LAQUINIMOD DEMONSTRATED SIGNIFICANT and SUSTAINED Impact on multiple sclerosis disease activity

New Crossover Data Presented at the World Congress on Treatment and Research in Multiple Sclerosis Shows Significant Reduction of Gadolinium-Enhancing Lesions

Jerusalem, Israel and Lund, Sweden, September 18, 2008 – New data from the extension phase of oral laquinimod in relapsing-remitting multiple sclerosis (RRMS) demonstrated a significant reduction in the mean number of gadolinium-enhancing (GdE) lesions in both patients who switched from placebo to laquinimod and patients who continued with their initial laquinimod dose.

In RRMS patients who switched from placebo to laquinimod, 52 percent reduction in the mean number of GdE lesions was observed (p<0.0007). The reduction was significant for both patients switching to high-dose (p<0.009) and low-dose laquinimod (p<0.03). In addition, the proportion of patients who switched to active treatment from placebo, and remained enhancing lesion-free, increased from 31 percent to 47 percent (p<0.012), further reinforcing the efficacy of laquinimod on magnetic resonance imaging (MRI) measured disease activity.

Patints initially treated with 0.6mg/day and 0.3mg/day during the double-blind trial remained on the same dose during the 36-week extension phase. An additional significant reduction in the mean number of GdE lesions was also observed in these patients (n=94, p=0.0062 and n=80, p=0.0013, respectively), a high proportion of which remained completely free of GdE lesions, demonstrating the sustained effect of laquinimod on MRI disease activity.

“These latest data show the rapid onset and sustainability of laquinimod efficacy in MS patients,” said Giancarlo Comi, M.D., University Vita-Salute San Raffaele, Scientific Institute San Raffaele, Milan, Italy, principal investigator of the study. “Just as exciting is the fact that, with increased number of patients exposed to laquinimod, we found no new risks or safety issues.
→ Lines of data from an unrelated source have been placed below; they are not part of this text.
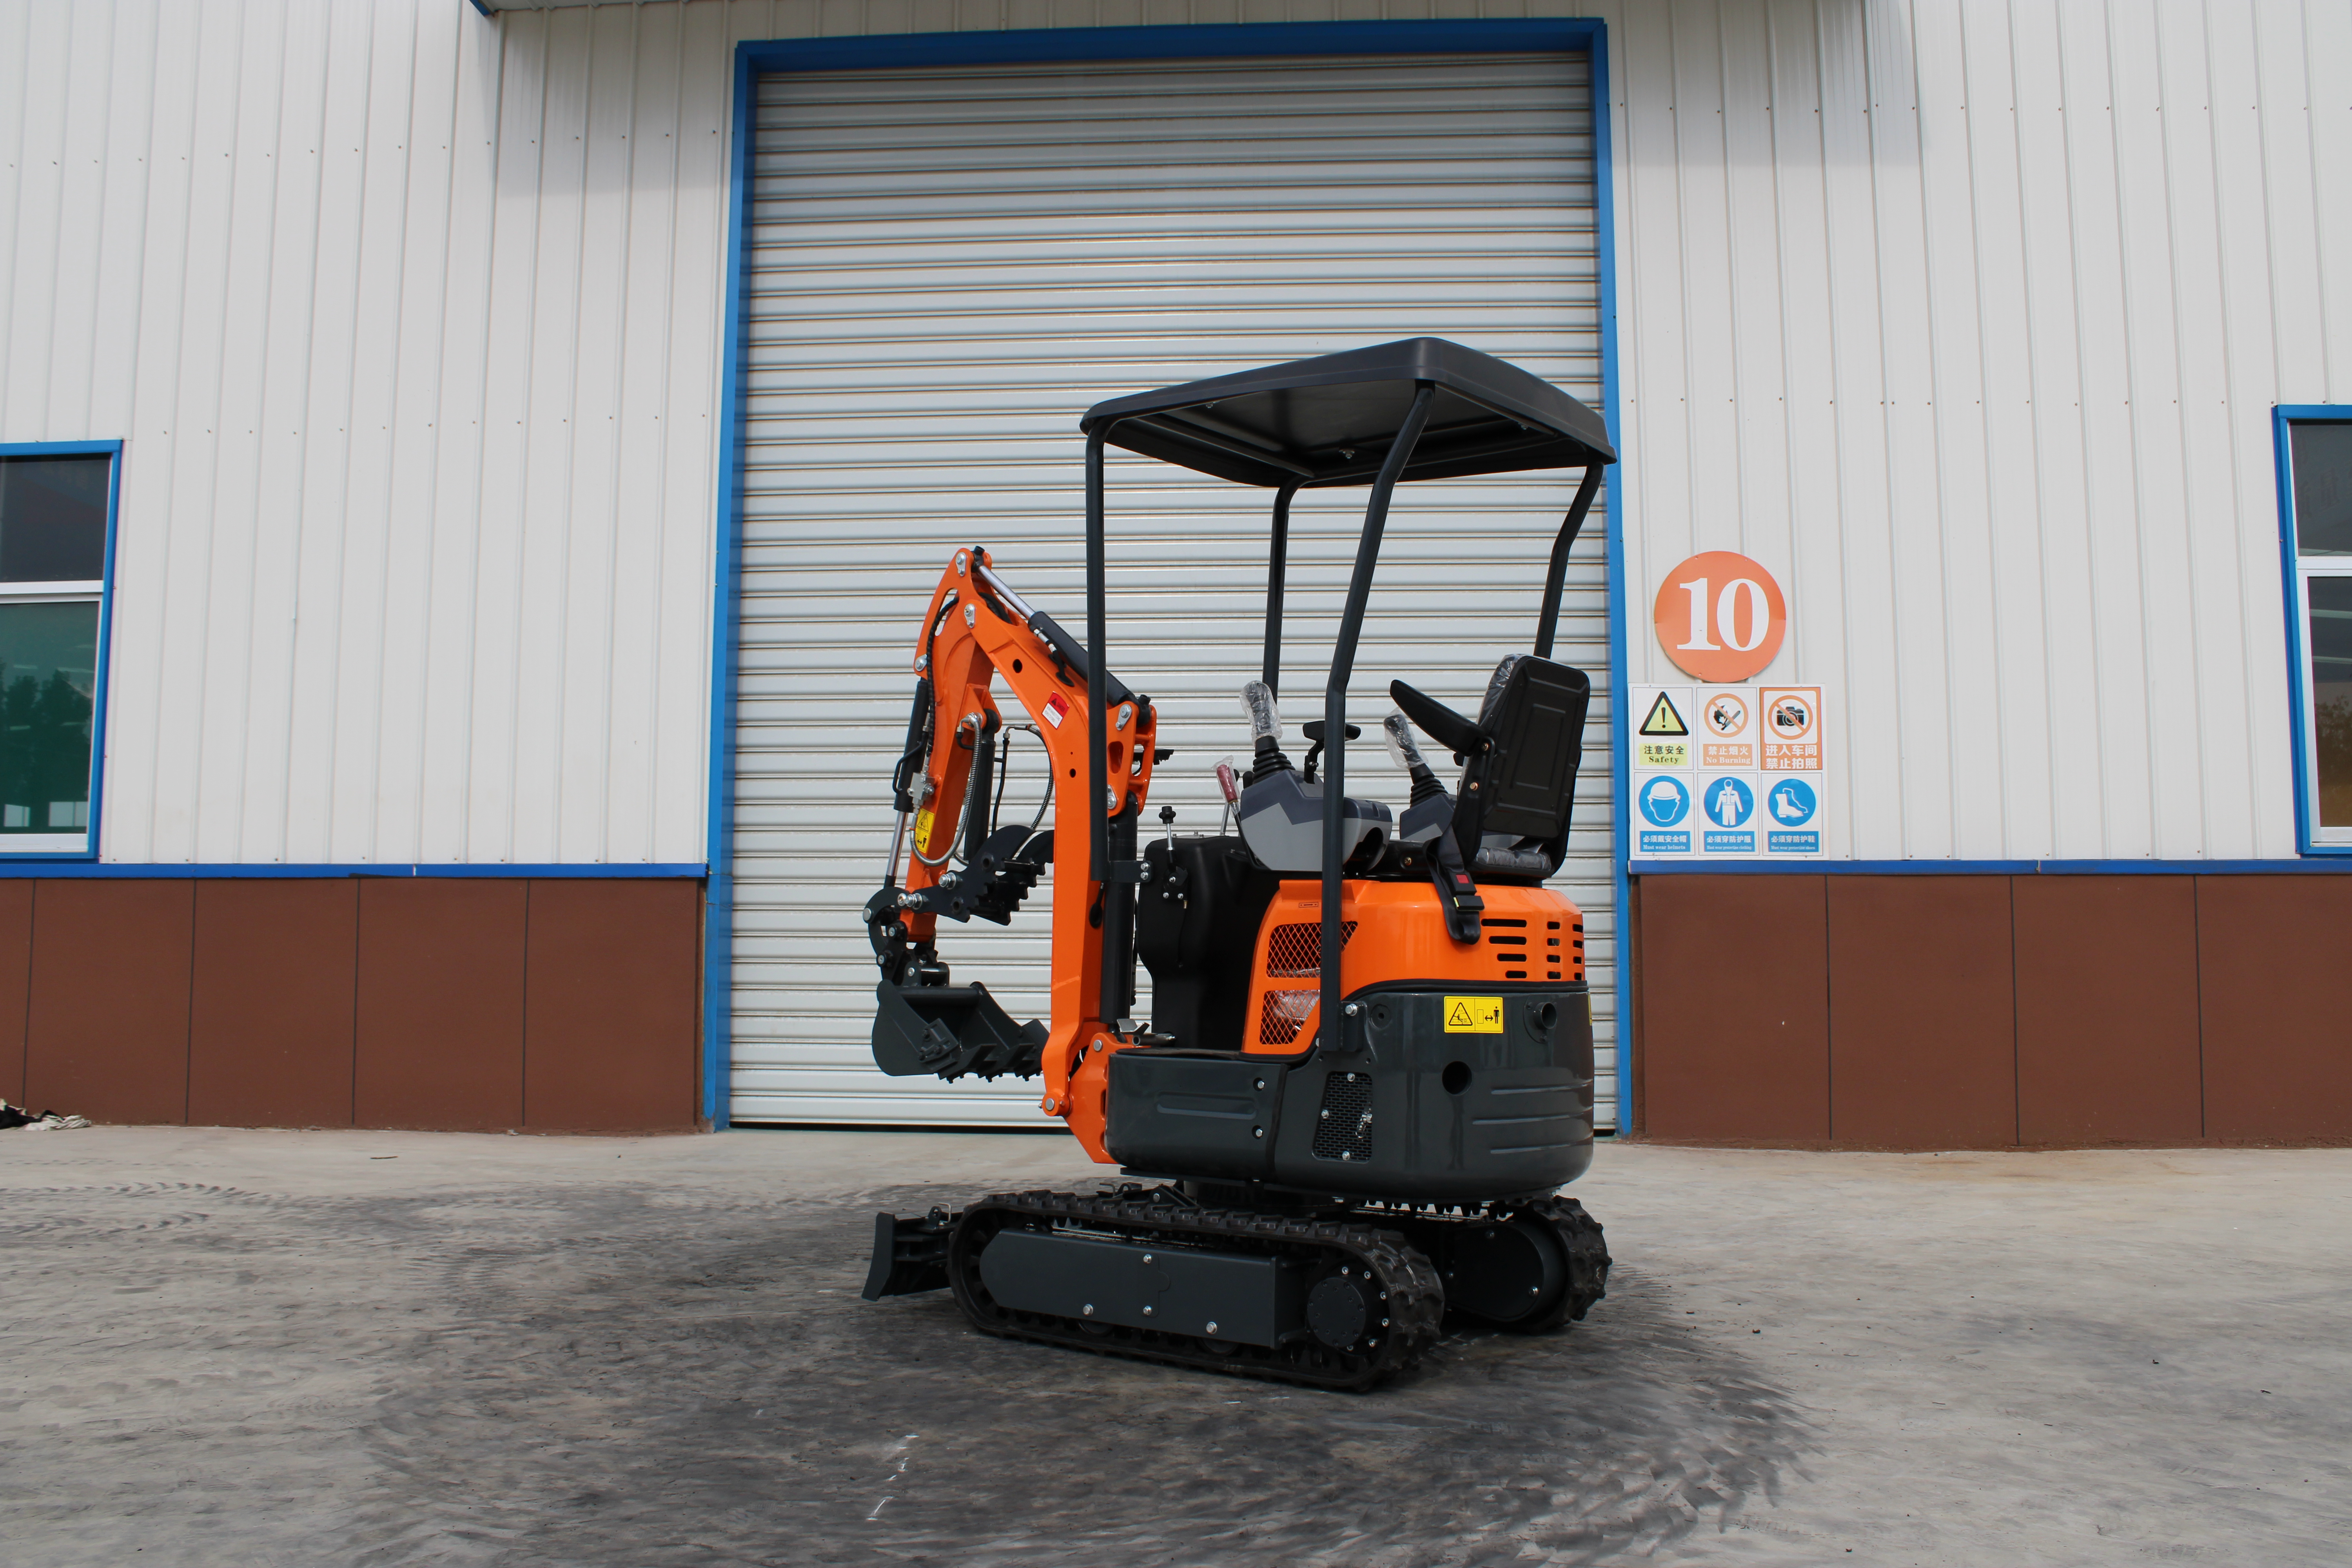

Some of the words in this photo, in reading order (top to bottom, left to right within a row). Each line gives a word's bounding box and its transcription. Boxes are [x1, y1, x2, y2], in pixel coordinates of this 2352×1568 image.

[1677, 577, 1769, 652] 10
[1644, 745, 1684, 755] 注意安全
[1708, 746, 1749, 755] 禁止烟火
[1765, 744, 1817, 756] 进入车间
[1648, 756, 1679, 764] Safety
[1766, 757, 1818, 769] 禁止拍照
This reinforces earlier results demonstrating the laquinimod safety profile. The MS community looks forward to future data as we continue enrolling patients in the laquinimod Phase III clinical program.”
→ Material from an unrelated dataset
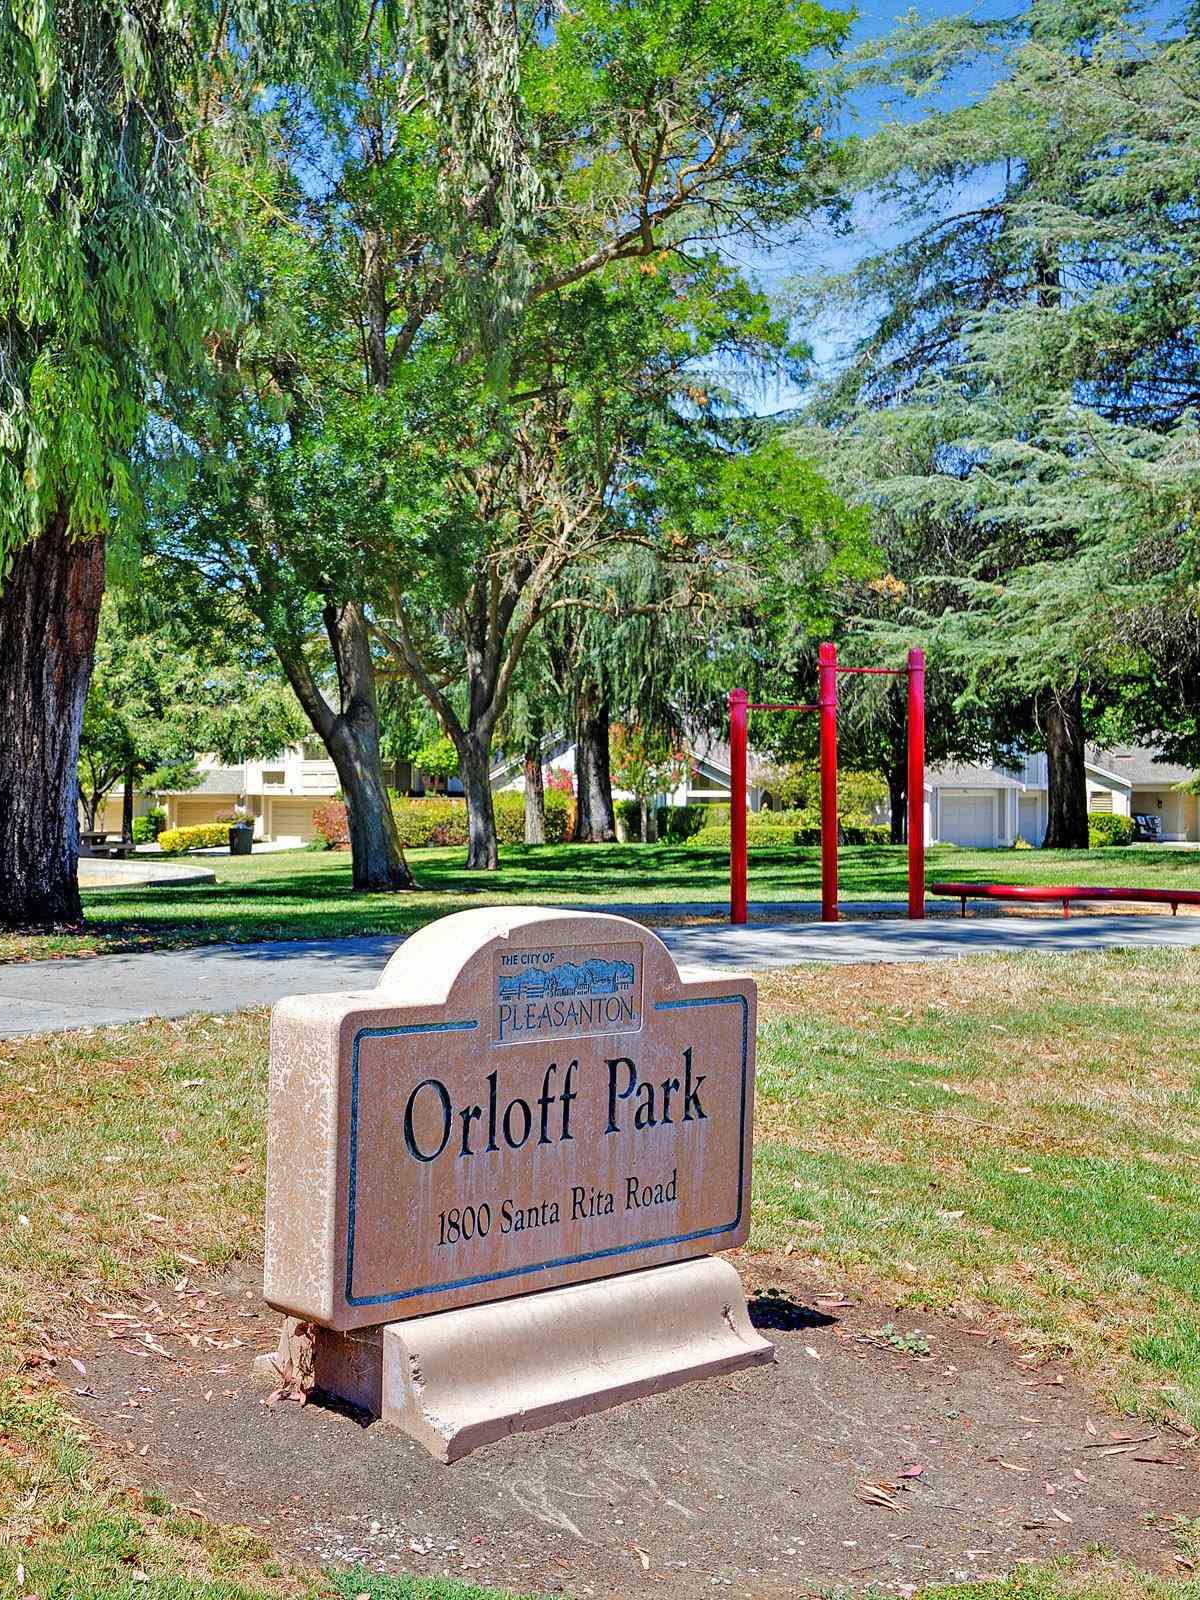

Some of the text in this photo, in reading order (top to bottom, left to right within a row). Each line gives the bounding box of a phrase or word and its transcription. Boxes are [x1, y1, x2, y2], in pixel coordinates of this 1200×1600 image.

[501, 952, 555, 966] THE CITY OF
[499, 996, 635, 1040] PLEASANTON
[403, 1046, 707, 1163] Orloff Park
[438, 1169, 678, 1246] 1800 Santa Rita Road
These new data from the extension study build upon the initial 36-week, Phase IIb study results published in The Lancet*, which demonstrated that once-daily, oral 0.6mg laquinimod significantly reduced MRI disease activity by a median of 60 percent, compared to placebo, and was well tolerated.

Teva is currently enrolling patients for Allegro and Bravo, two pivotal Phase III clinical trials of laquinimod. For more information please visit www.TevaClinicalTrials.com.

*Lancet 2008; 371:2085-92

About the Study

In the study, “Oral laquinimod in patients with relapsing–remitting multiple sclerosis: 36 weeks double-blind active extension of the multi-center, randomized, double-blind, parallel-group placebo-controlled study,” subjects originally assigned to placebo were equally randomized to receive either 0.3 or 0.6mg/day laquinimod, while others continued their original treatment for a 36-week, double-blind extension. Magnetic resonance imaging (MRI) was performed at the beginning and at the end of the active extension phase. The mean number of GdE lesions in patients who switched from placebo to laquinimod was reduced by 52 percent (from 4.46±6.55 to 2.12±3.73; p<0.0007) from the time patients began receiving active treatment.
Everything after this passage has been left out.